Functionalist theories of deviance

Going back at least to Herbert Spencer (and maybe even to Comte), society has been compared to a biological organism. Just as all parts of the body (or almost all) contribute to the overall health of the whole organism, so the basic institutions and patterns of society contribute to the functioning of the whole society.

What do the functionalists do with deviant behavior?

I. Emile Durkheim. You may already be familiar with the background of Durkheim's sociology. He was educated during the second republic, a time of more or less democratic rule in France after a long period of alternating instability, kings and emperors, and he was intensely interested in how to maintain social cohesion and stability under a democratic system. Ultimately, he became convinced of the importance of the collective conscience, a concept that combines our ideas of culture, consciousness, and conscience. He was arguing against the predominance of individualistic emphases in psychology and economics and was convinced that a society where everyone looked out strictly for his/her own self interest would be a sociological monstrosity. In this context, he discovered an important function for crime and talked about the normality of crime. Not only can crime not be eliminated, but the way in which a society reacts to crime contributes to the health of society in important ways.

A. If the collective conscience were so strong that no one could imagine violating the basic norms, change would be impossible and that society could not adapt to new conditions and challenges. Indeed, what is initially labeled crime sometimes serves as "an anticipation of future morality." Think of Margaret Sanger, jailed for opening a birth control clinic in New York City, or Rosa Parks, jailed for refusing to give up her seat on the bus, or maybe Jack Kervorkian, currently imprisoned in Michigan for his role in doctor-assisted suicides.

B. Durkheim asks us to imagine a society of saints... perhaps it would help to think about a group like the Amish. In such a society, deviance doesn't disappear; it just gets defined by a more sensitive standard. If there are no armed robbers, greed in small areas of life may be perceived as sinful; if no murderers, petty hatreds may be singled out.

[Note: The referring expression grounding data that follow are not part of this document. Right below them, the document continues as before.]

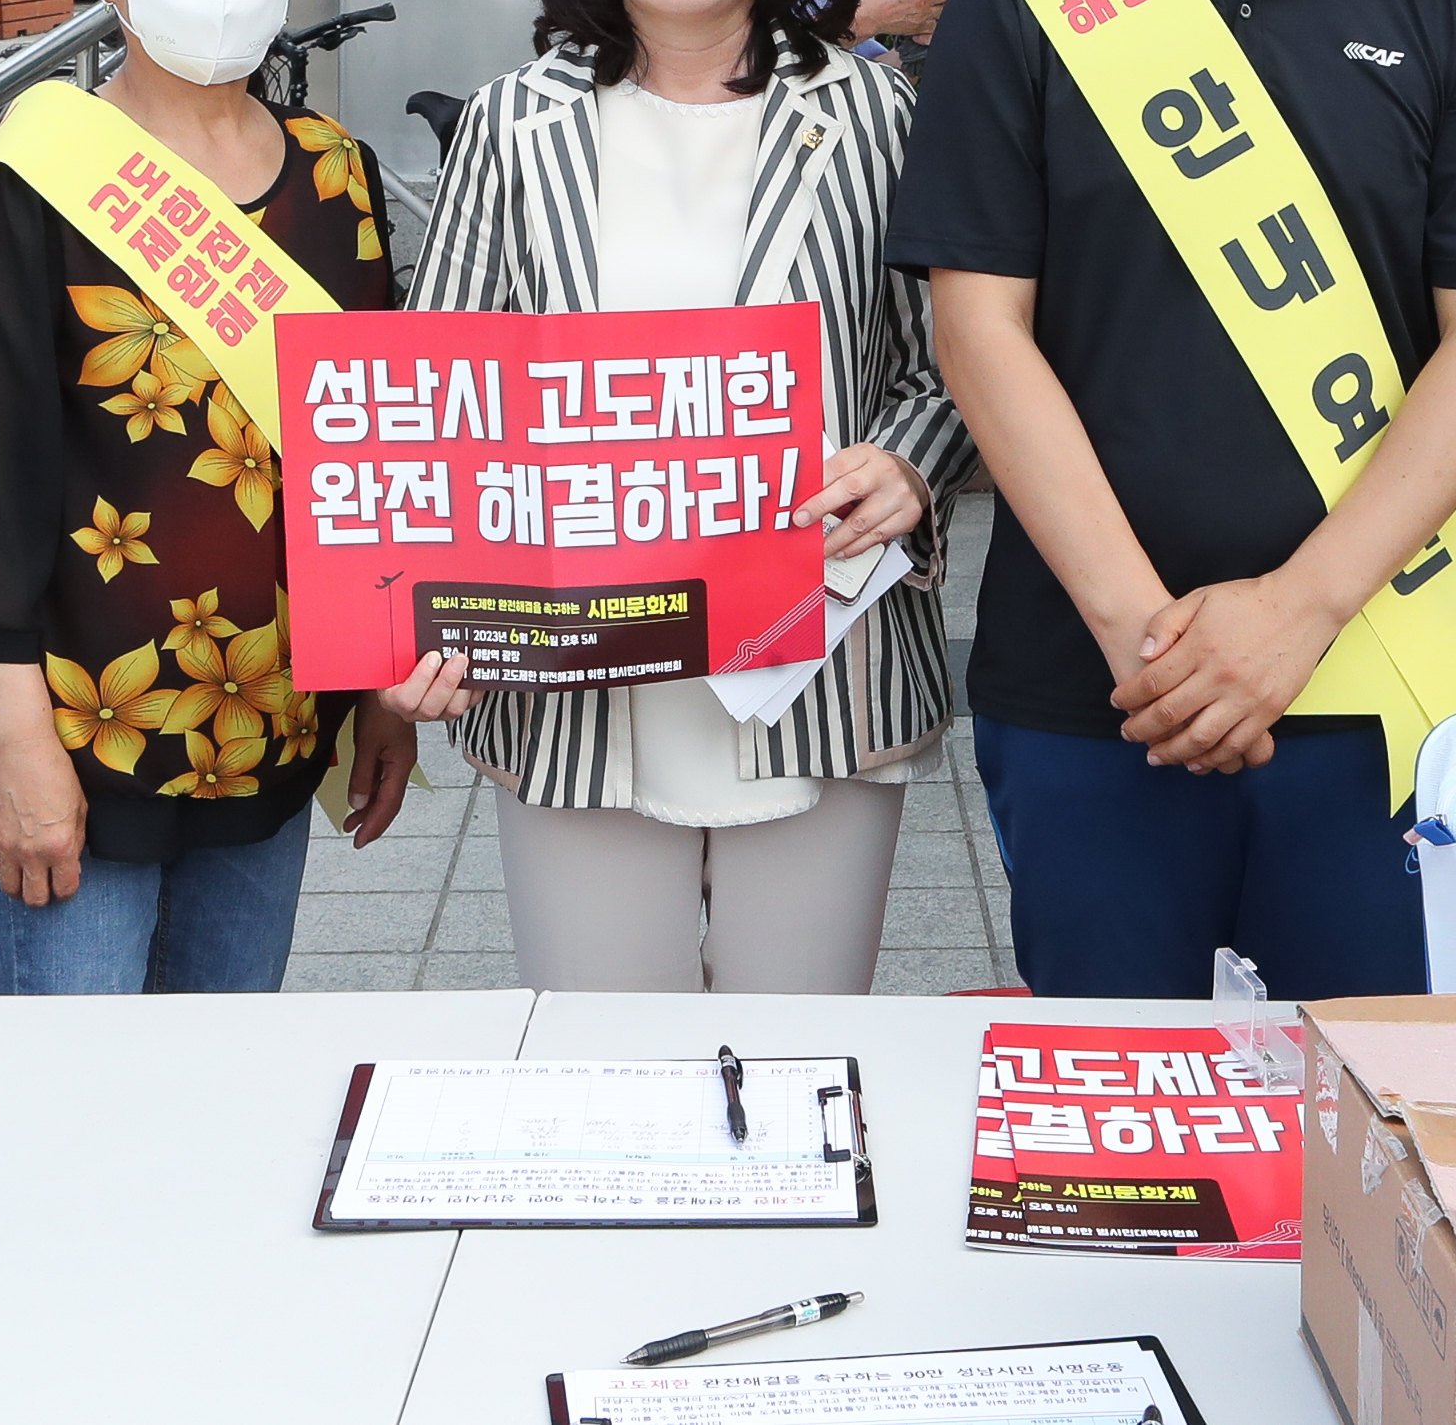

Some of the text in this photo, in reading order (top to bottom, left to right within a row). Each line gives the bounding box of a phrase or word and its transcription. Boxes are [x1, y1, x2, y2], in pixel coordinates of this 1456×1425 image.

[88, 151, 173, 233] 고도
[128, 183, 211, 273] 제한
[168, 219, 250, 309] 완전
[205, 256, 289, 347] 해결
[304, 351, 795, 444] 성남시 고도제한
[310, 446, 799, 548] 완전 해결하라!
[431, 597, 458, 609] 성남시
[460, 597, 496, 610] 고도제한
[498, 599, 541, 614] 완전해결을
[587, 592, 688, 619] 시민문화제
[442, 628, 598, 647] 일시 2023년 6월 24일 오후 5시
[472, 649, 500, 661] 야탑역
[502, 650, 521, 662] 광장
[472, 660, 682, 683] 성남시 고도제한 완전해결을 위한 범시민대책위원회
[696, 1068, 760, 1076] 고한
[447, 1194, 516, 1204] 성남시민
[527, 1194, 563, 1204] 90만
[655, 1196, 743, 1206] 완전해결을
[753, 1196, 825, 1205] 고도제한
[1062, 1183, 1197, 1201] 시민문화제
[974, 1207, 1023, 1219] 오후 5시
[1029, 1202, 1077, 1213] 오후 5시
[1067, 1227, 1093, 1236] 위한
[608, 1378, 691, 1390] 고도제한
[702, 1374, 802, 1389] 완전해결을
[903, 1368, 945, 1379] 90만
[956, 1364, 1035, 1377] 성남시민
[1047, 1361, 1125, 1374] 서명운동
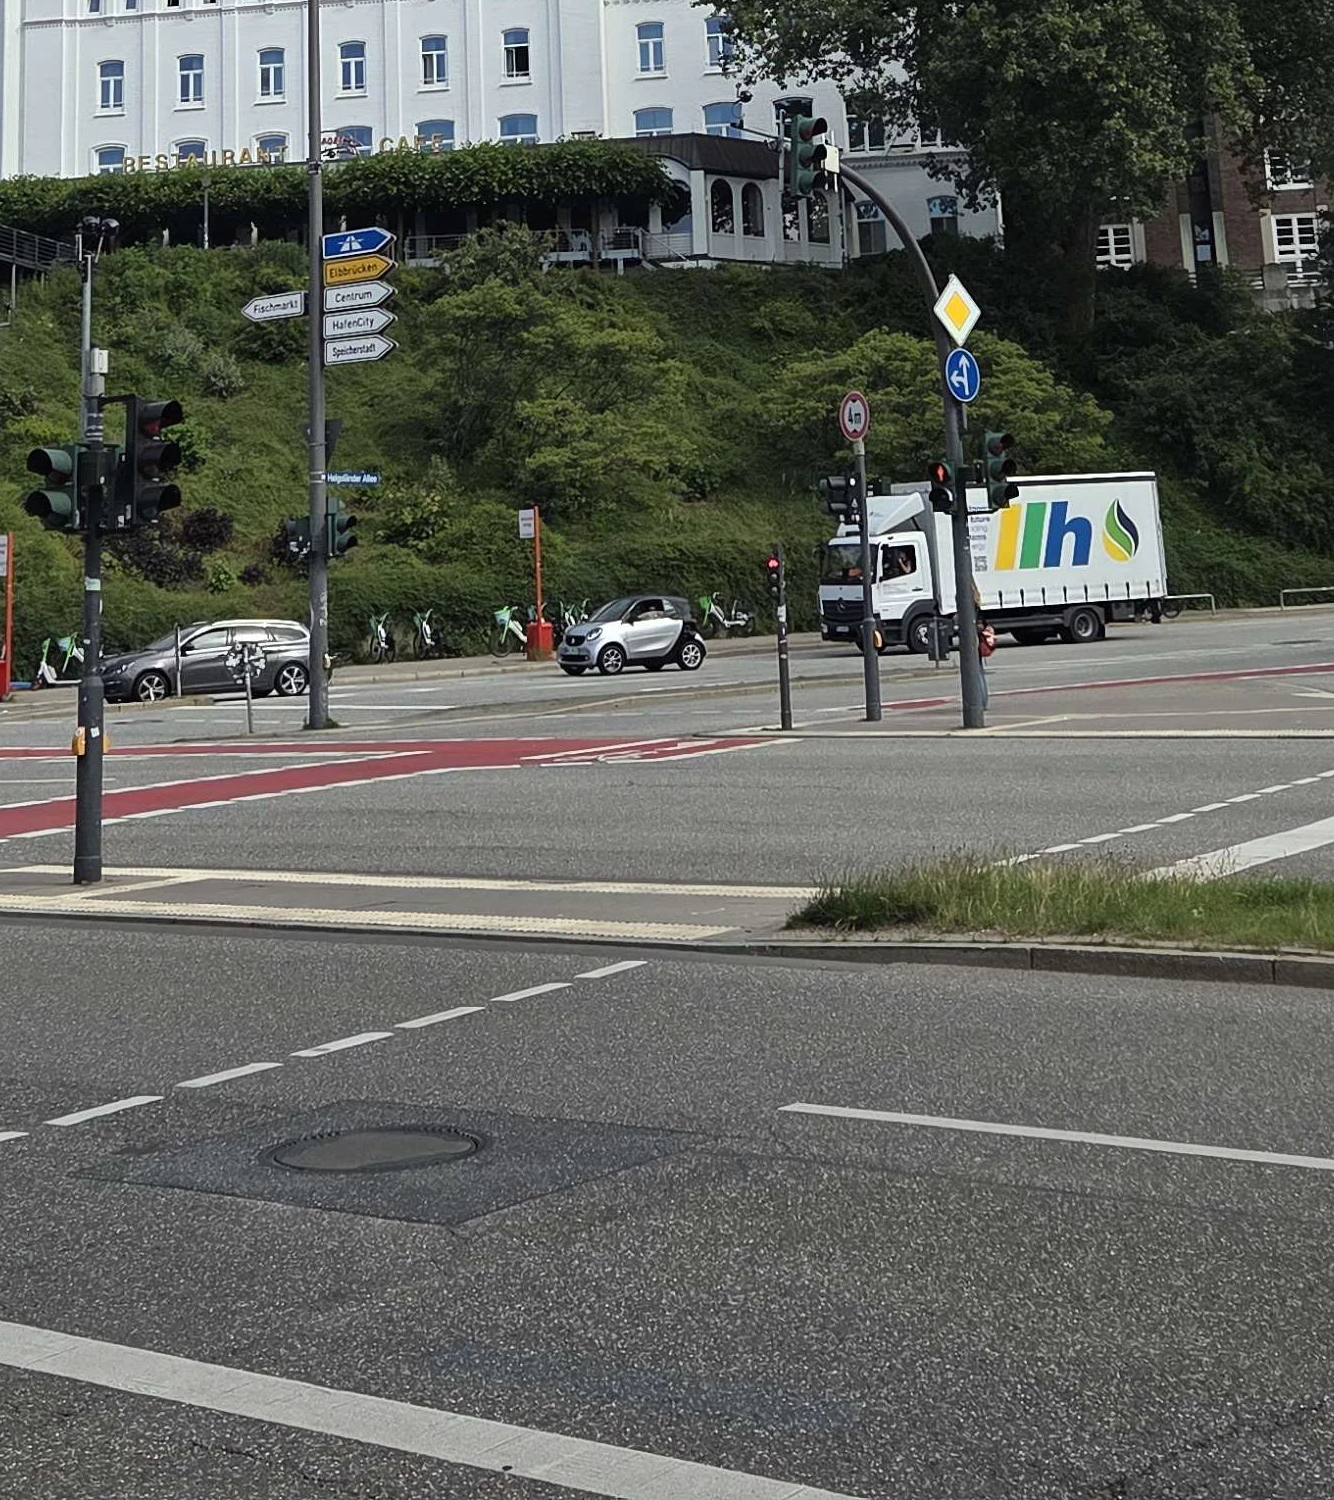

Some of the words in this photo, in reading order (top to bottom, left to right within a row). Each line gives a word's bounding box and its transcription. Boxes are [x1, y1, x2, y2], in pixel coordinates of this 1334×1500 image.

[123, 145, 289, 173] RESTAURANT
[329, 262, 379, 278] Elbbrücken
[335, 290, 373, 303] Centrum
[253, 300, 299, 314] Fischmarkt
[332, 318, 375, 331] HafenCity
[332, 343, 376, 358] Speicherstadt
[362, 472, 378, 483] Allee
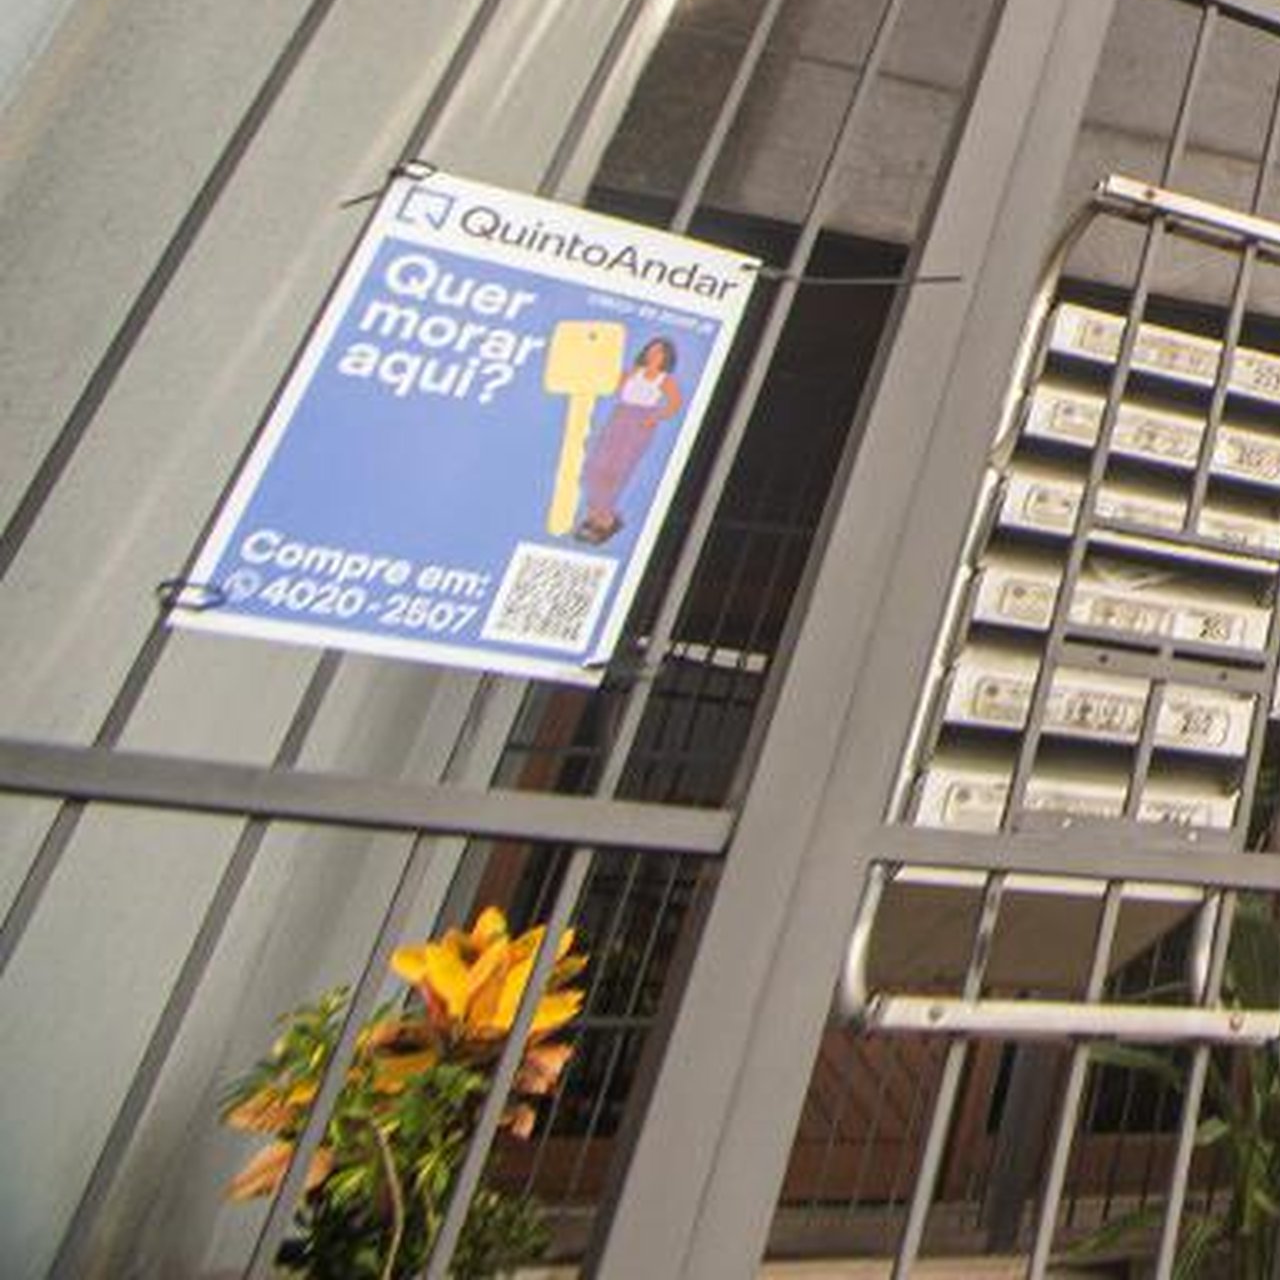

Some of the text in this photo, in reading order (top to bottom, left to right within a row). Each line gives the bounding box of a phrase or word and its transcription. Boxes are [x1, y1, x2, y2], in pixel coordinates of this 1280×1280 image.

[384, 253, 537, 321] Quer
[459, 204, 740, 303] QuintoAndar
[358, 294, 545, 368] morar
[337, 336, 516, 406] aqui?
[239, 527, 410, 586] Compre
[413, 562, 490, 595] em:
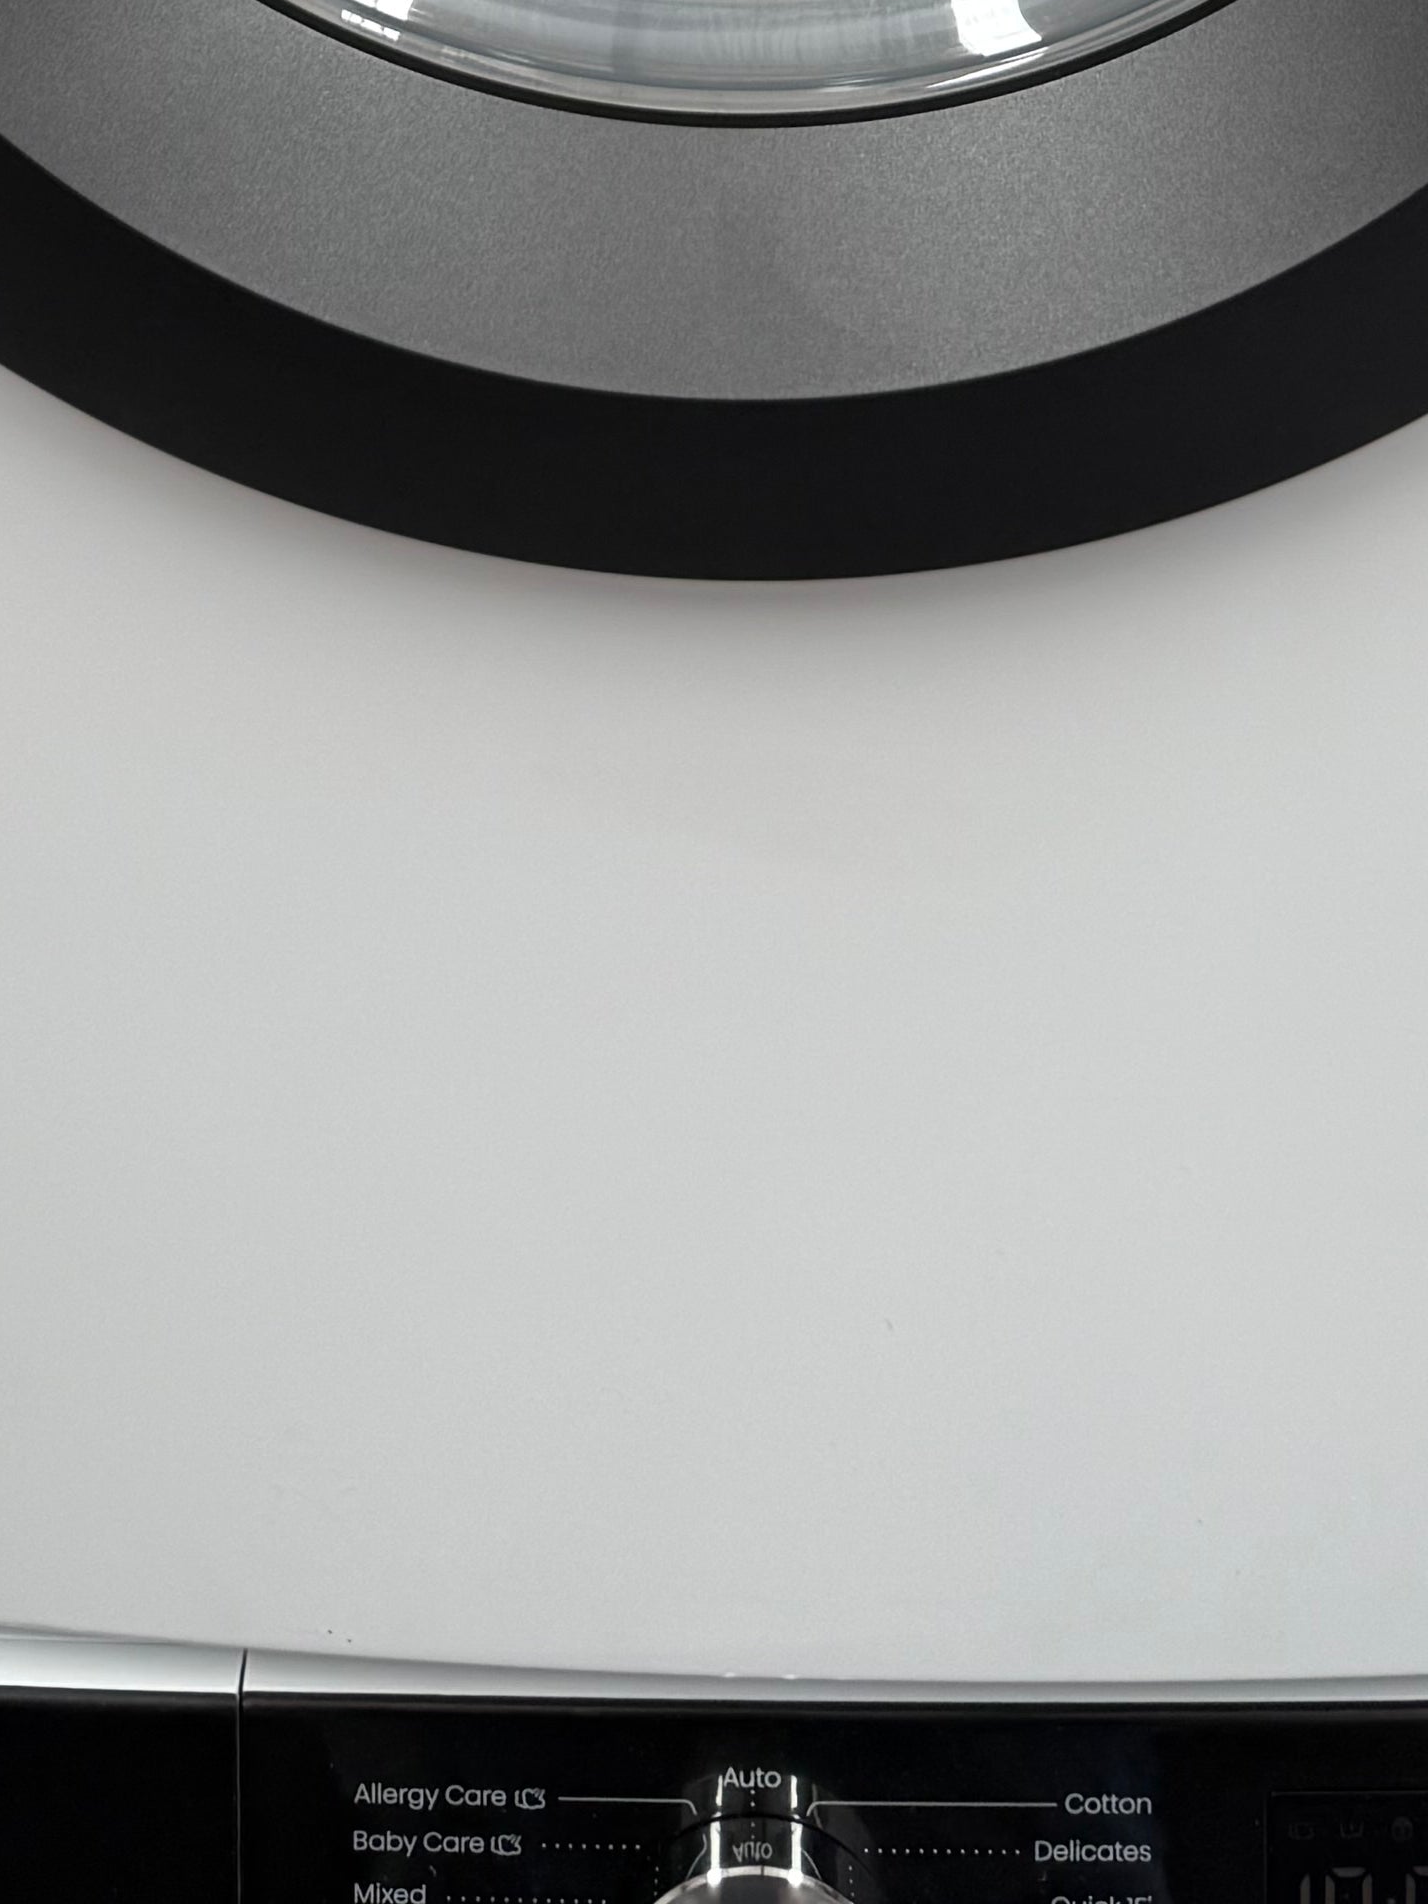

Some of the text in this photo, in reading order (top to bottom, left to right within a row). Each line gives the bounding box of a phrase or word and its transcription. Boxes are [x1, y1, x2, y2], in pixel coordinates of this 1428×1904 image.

[724, 1766, 782, 1788] Auto
[352, 1783, 507, 1812] Allergy Care
[1063, 1793, 1153, 1815] Cotton
[352, 1829, 485, 1858] Baby Care
[1033, 1838, 1152, 1863] Delicates
[352, 1883, 427, 1904] Mixed

C. The real function of punishment is not the abolition of crime, which is impossible, but the reaffirmation of society's basic values. People turn out in large numbers for public executions, they buzz with gossip of the latest atrocity, they devour media representations of crime, because this is an opportunity to draw the line between us (the good people) and them (the bad guys).

This is not to say that Durkheim believed every level of crime was healthy; in fact, he was concerned that France in 1900 was becoming too individualistic, the collective conscience too weak, and a whole variety of social pathologies such as crime and suicide were on the rise.

II. Kai Erikson, Wayward Puritans

In my view, Erikson provides the most creative and powerful application of functionalist ideas about deviance by a contemporary sociologist in this analysis of crime and punishment in the 17th century Massachusetts Bay Colony (the land of the Puritans).

"Human behavior can vary over an enormous range, but each community draws a symbolic set of parentheses around a certain segment of that range and limits its activities within that narrow range. These parentheses, so to speak, are the moral boundaries of that society."

Deviant behavior and the group's reaction to deviance are the key processes in defining those boundaries and investing them with moral fervor.

"The excitement generated by the crime quickens the tempo of interaction in a group and creates a climate in which the private sentiments of many people are fused into a common sense of morality."

How is it that people learn the boundaries and convey them to the next generation. This takes place through "criminal trials, excommunication hearings, courts martial, or even psychiatric case conferences." More often than not, we don't really expect to reform the deviant (especially to the extent that we are influenced by our Puritan heritage, because the Puritans believed that God had destined people for heaven or damnation before he even created the world) but the processing of the deviant is a ritual, ceremonial occasion for society as a whole.

In this book, Erikson provides at least a mini-test of three propositions that he teases out of Durkheim's analysis:

1. That there is a close relationship between the type of moral boundaries emphasized in a given society and the type of deviance that predominates. Puritan society, for example, generated large quantities of religious deviance; Bolshevik society generated the great political trials of the 1930s.

2. That in a relatively stable society, the amount of crime is likely to remain somewhat constant... for example, when England was shipping all her worst criminals to the colonies, the overall rate of crime processed by the English courts probably did not drop significantly. Erikson looks at the records of a particular Puritan court and shows that during the Quaker crime wave (when Quakers were being punished by the courts for their religious heresy), other kinds of crime got less attention from the court.

3. Crime waves are produced not so much by a multiplication of criminal acts as by some kind of moral crisis or challenge to the collective conscience. A good example would be the McCarthy hearings of the 1950s and the discovery of large numbers of communists and "fellow travelers" in the midst of American society that were subsequently blacklisted and driven from their jobs.

One of the interesting aspects of Erikson's treatment of these moral challenges and crises is that Erikson does not assume they will always be resolved in the direction of the stability of the old moral order. Thus Erikson's functionalism does not have the conservative bias attributed to figures like Talcott Parsons at Harvard in the 1940s and 1950s.